= Djimini people =

The Djimini (also spelt Dyimini) people of Ivory Coast belong to the larger Senoufo group. They have a population of about 100,000 and live in the north-eastern area of Ivory Coast, in Burkina Faso and Mali.

The Djimini pass on their stories and traditions to their children. Men are considered to have reached adulthood by the age of thirty and are then taught about what being a man means and about their role in the community.

==Language==
Their language is in the Niger–Congo family. They think very highly of their language and speak it at home, working in the fields and at the market place, so it is not likely to disappear.

==Working life==
The Djimini are farmers. The more successful they are, the more respect they receive from the rest of the tribe. Men and women of all ages help with the farm work, to contribute to their family's needs, as the Djimini grow all the food they need to survive. They grow peanuts, cassava, corn, rice, millet, beans, mangoes and cashews. They are paid poorly for them, even when the harvest is successful, so when there is drought, life is very difficult.

==Recreation==
In their spare time, the Djimini enjoy playing soccer. They have their own festivals and traditional dances, during which they wear masks which often have a trunk-like nose.
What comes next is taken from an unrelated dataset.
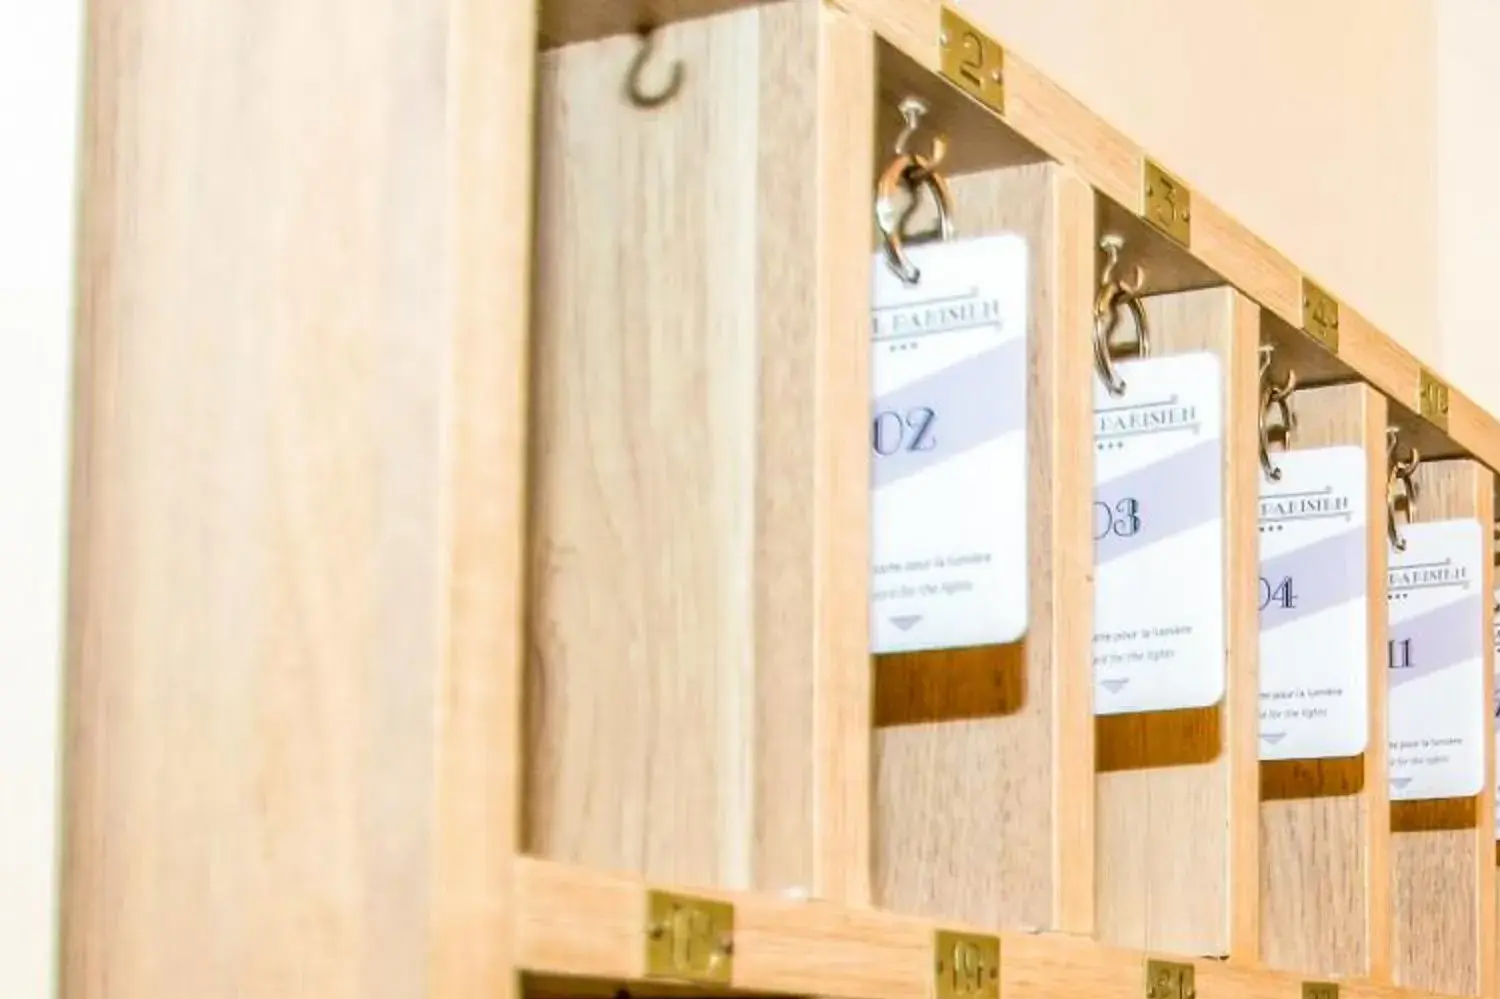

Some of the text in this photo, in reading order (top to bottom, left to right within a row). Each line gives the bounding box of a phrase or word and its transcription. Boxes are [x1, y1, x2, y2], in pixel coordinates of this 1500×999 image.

[958, 30, 986, 88] 2
[1158, 175, 1177, 228] 3
[872, 406, 938, 457] 02
They are known for their unique artwork, influenced by the neighboring Senufo people. Artwork includes masks made from wood carvings.

==Beliefs==
Animism is the main religious practice of the Djimini. This is a traditional African religion, which means they believe everything has a spirit inside it, for example inside the earth, moon, sun, lakes, rivers and seas.

Almost 50% of the Djimini practise Folk Islam, a mixture of Christian practises and pagan practices, but only 1% are Christians.

They have situated their houses around a baobab tree for generations. They plant one at the site of every village and associate it with a good spirit that provides protection and good fortune for their people. Baobab trees can live to be thousands of years old.

Because the Djimini depend on the food they grow, they believe that the ground holds spiritual blessings and many villages have priests who make sacrifices to the earth.

Like many of their neighbouring tribes, the Djimini believe that when people die, their spirits have power over their descendants’ lives.